_Referring expression grounding data_.

----

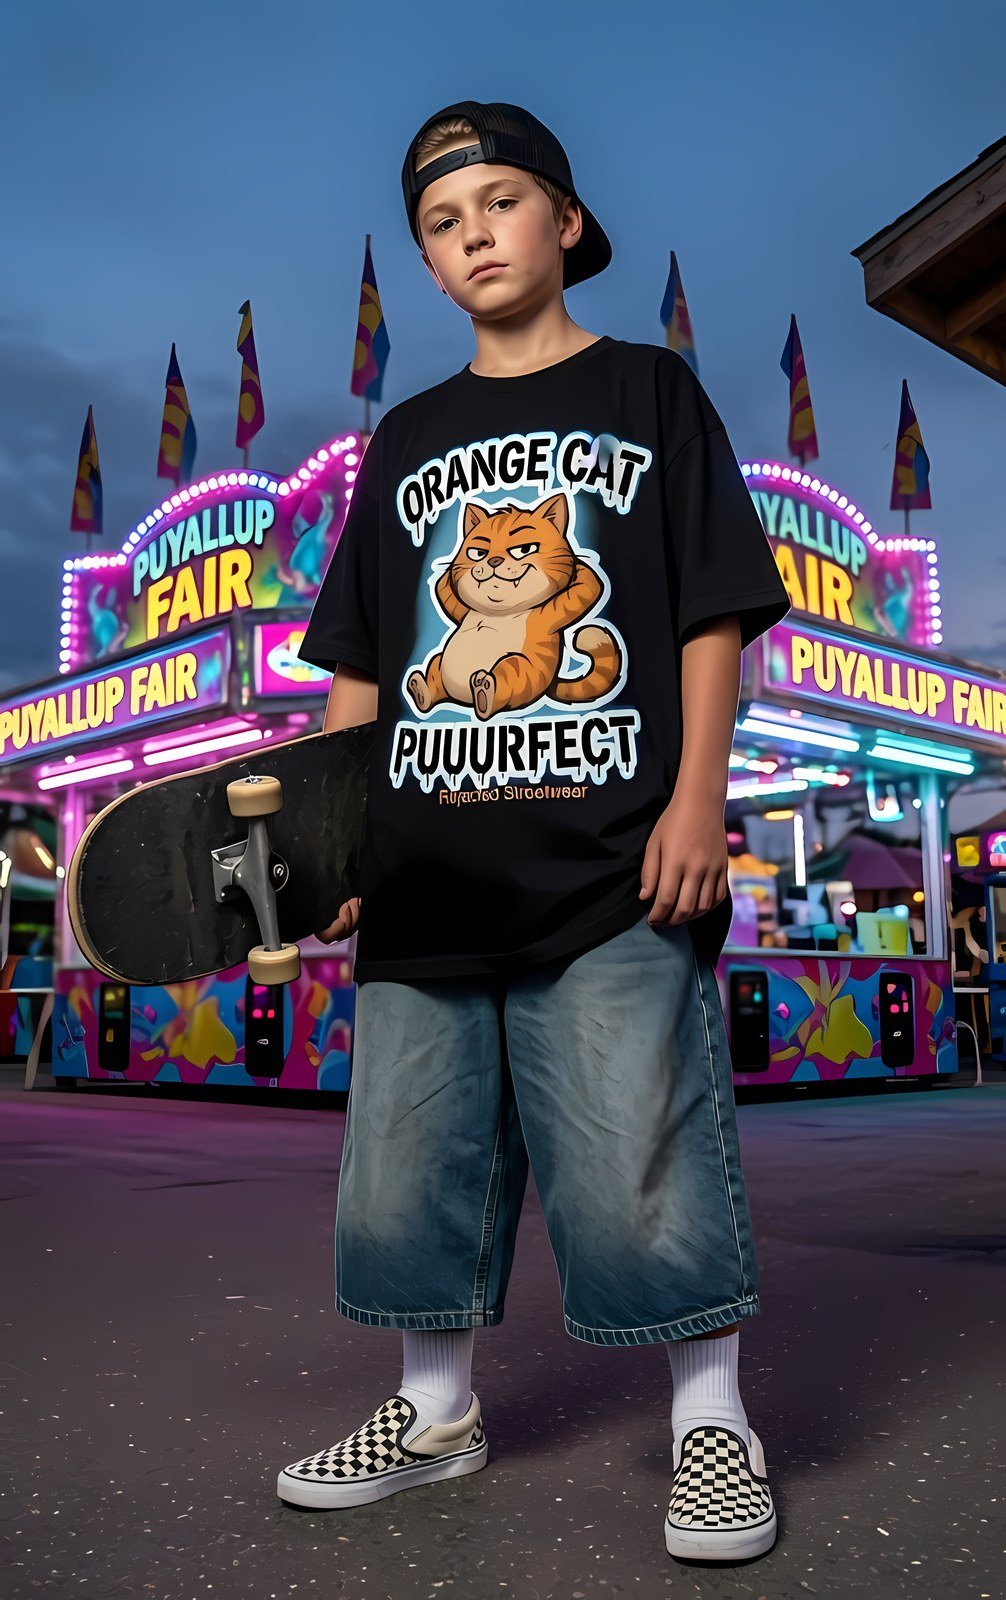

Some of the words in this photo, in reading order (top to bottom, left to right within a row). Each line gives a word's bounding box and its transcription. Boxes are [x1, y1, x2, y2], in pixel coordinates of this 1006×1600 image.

[402, 438, 551, 539] ORANGE
[133, 499, 275, 597] PUYALLUP
[751, 490, 866, 577] YALLUP
[146, 548, 252, 641] FAIR
[774, 544, 854, 626] AIR
[130, 652, 198, 716] FAIR
[791, 635, 946, 717] PUYALLUP
[393, 715, 636, 786] PUUURFECT
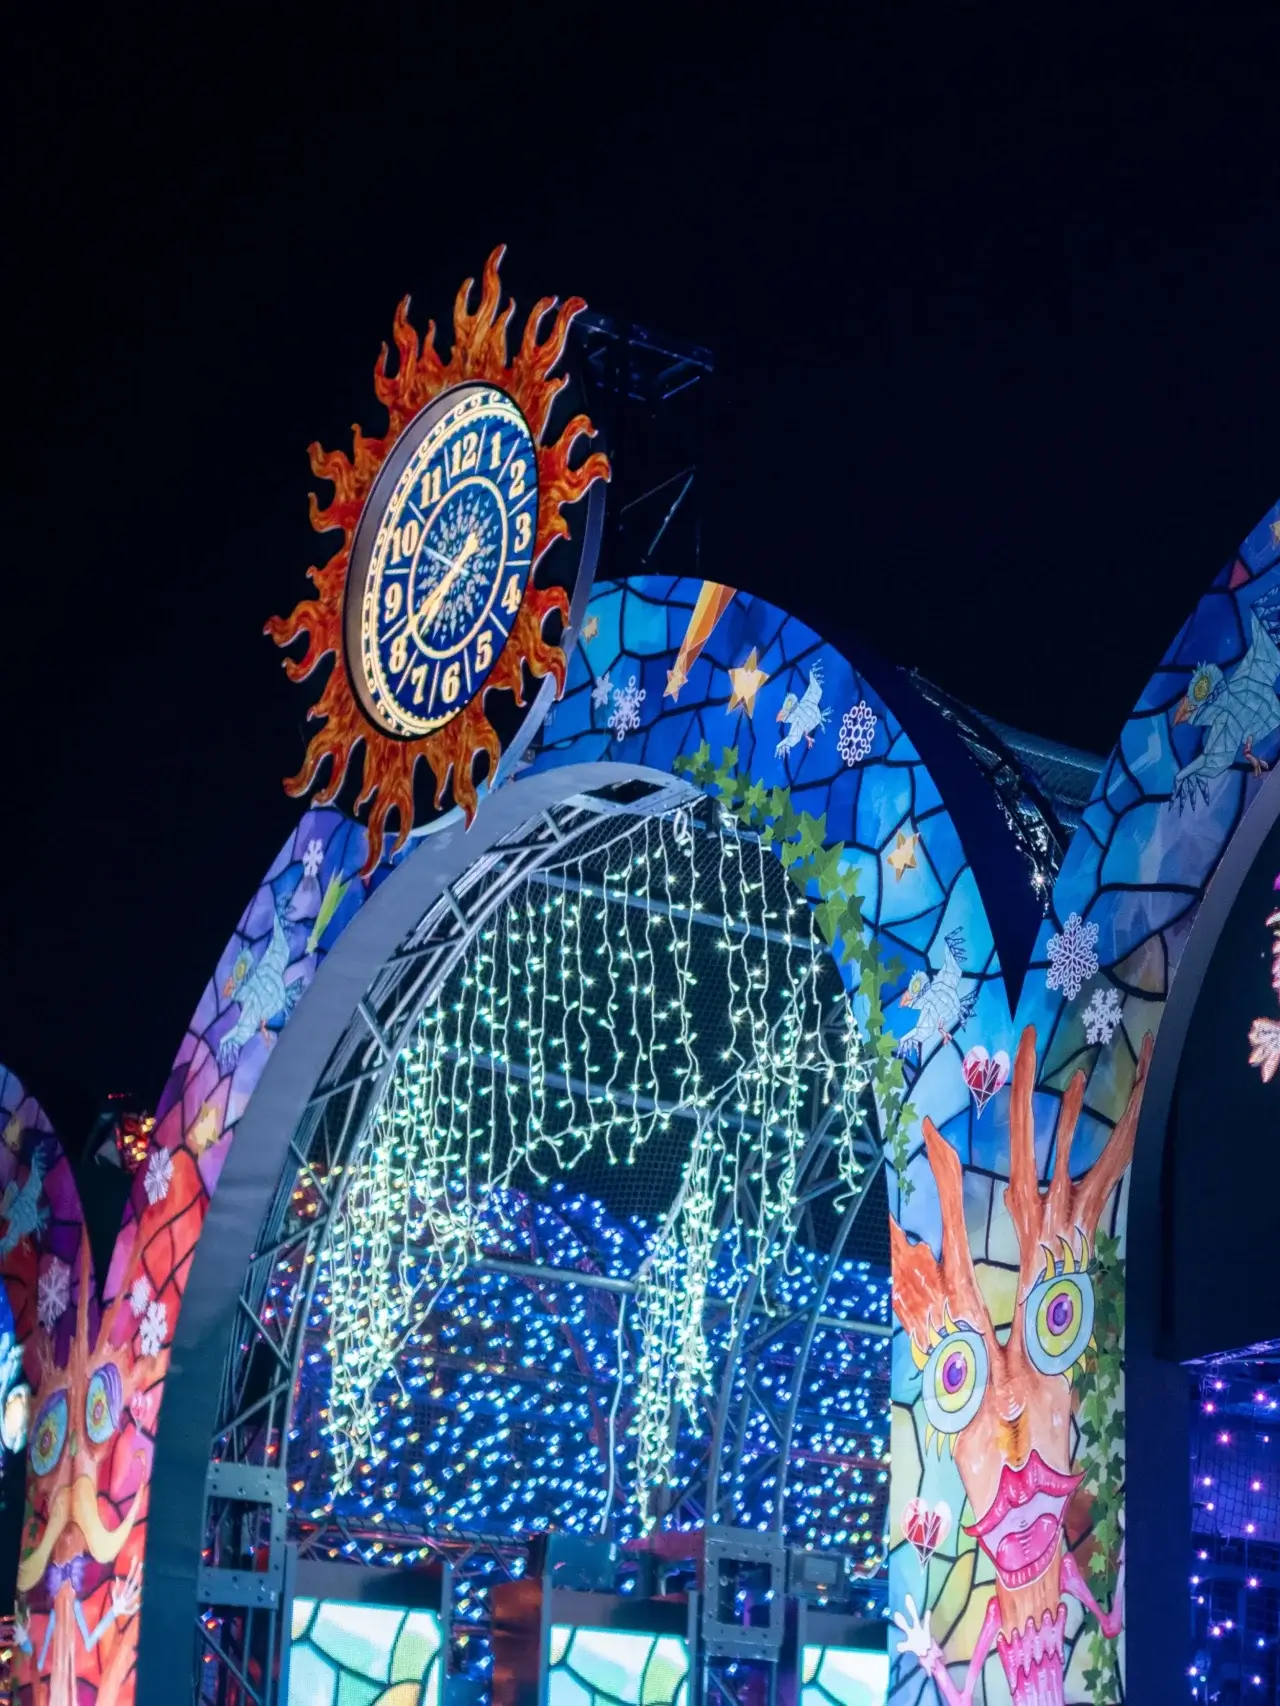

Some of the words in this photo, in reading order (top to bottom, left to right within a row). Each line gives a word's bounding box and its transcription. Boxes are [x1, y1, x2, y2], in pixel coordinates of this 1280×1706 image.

[450, 431, 479, 476] 12
[488, 431, 502, 471] 1
[419, 465, 442, 510] 11
[509, 459, 526, 500] 2
[389, 520, 420, 566] 10
[514, 511, 531, 553] 3
[384, 582, 403, 623] 9
[501, 573, 522, 615] 4
[388, 635, 408, 675] 8
[475, 630, 494, 670] 5
[411, 664, 429, 706] 7
[441, 661, 460, 704] 6
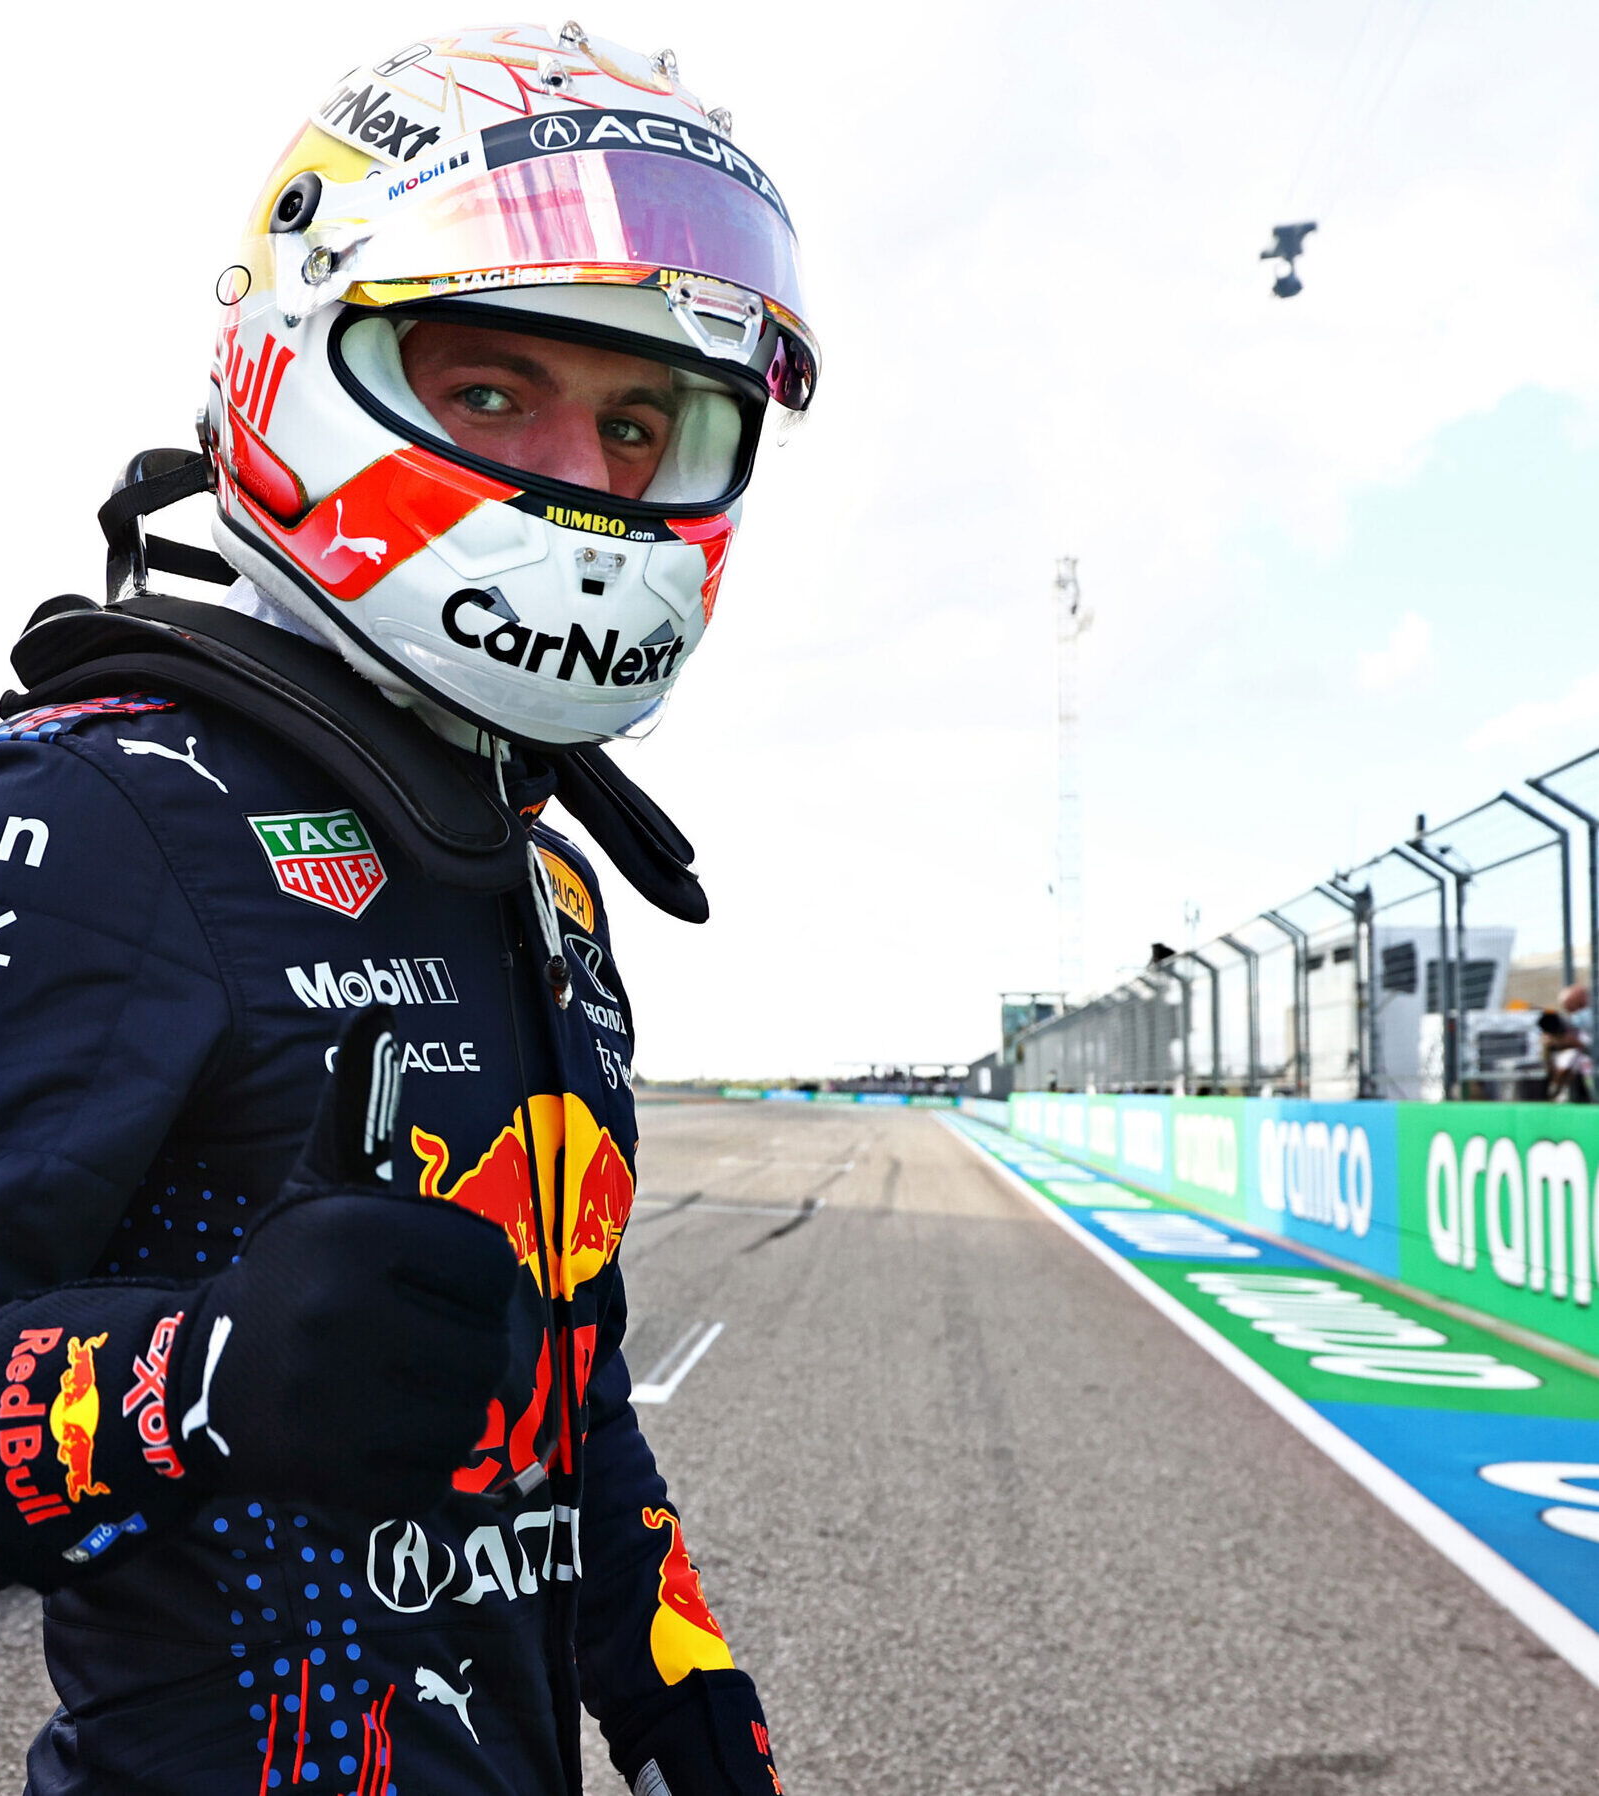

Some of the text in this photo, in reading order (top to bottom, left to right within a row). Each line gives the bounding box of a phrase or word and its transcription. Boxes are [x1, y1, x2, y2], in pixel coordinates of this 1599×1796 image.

[318, 80, 441, 162] rNext
[388, 161, 435, 200] Mobil
[442, 588, 685, 686] CarNext
[261, 818, 362, 852] TAG
[281, 857, 379, 910] HEUER
[545, 868, 586, 925] AUCH
[285, 959, 424, 1008] Mobil
[580, 1000, 628, 1035] HON
[324, 1042, 481, 1074] ACLE
[1259, 1117, 1373, 1239] aramco
[1425, 1130, 1599, 1309] aram

----

_THE TASK_.
Please return exactly the lines from the one containing "Some of the text" through the end of the entries above, adding no other line.

_SOLUTION TO THIS TASK_.
Some of the text in this photo, in reading order (top to bottom, left to right within a row). Each line gives the bounding box of a phrase or word and its transcription. Boxes are [x1, y1, x2, y2], in pixel coordinates of this 1599×1796 image.

[318, 80, 441, 162] rNext
[388, 161, 435, 200] Mobil
[442, 588, 685, 686] CarNext
[261, 818, 362, 852] TAG
[281, 857, 379, 910] HEUER
[545, 868, 586, 925] AUCH
[285, 959, 424, 1008] Mobil
[580, 1000, 628, 1035] HON
[324, 1042, 481, 1074] ACLE
[1259, 1117, 1373, 1239] aramco
[1425, 1130, 1599, 1309] aram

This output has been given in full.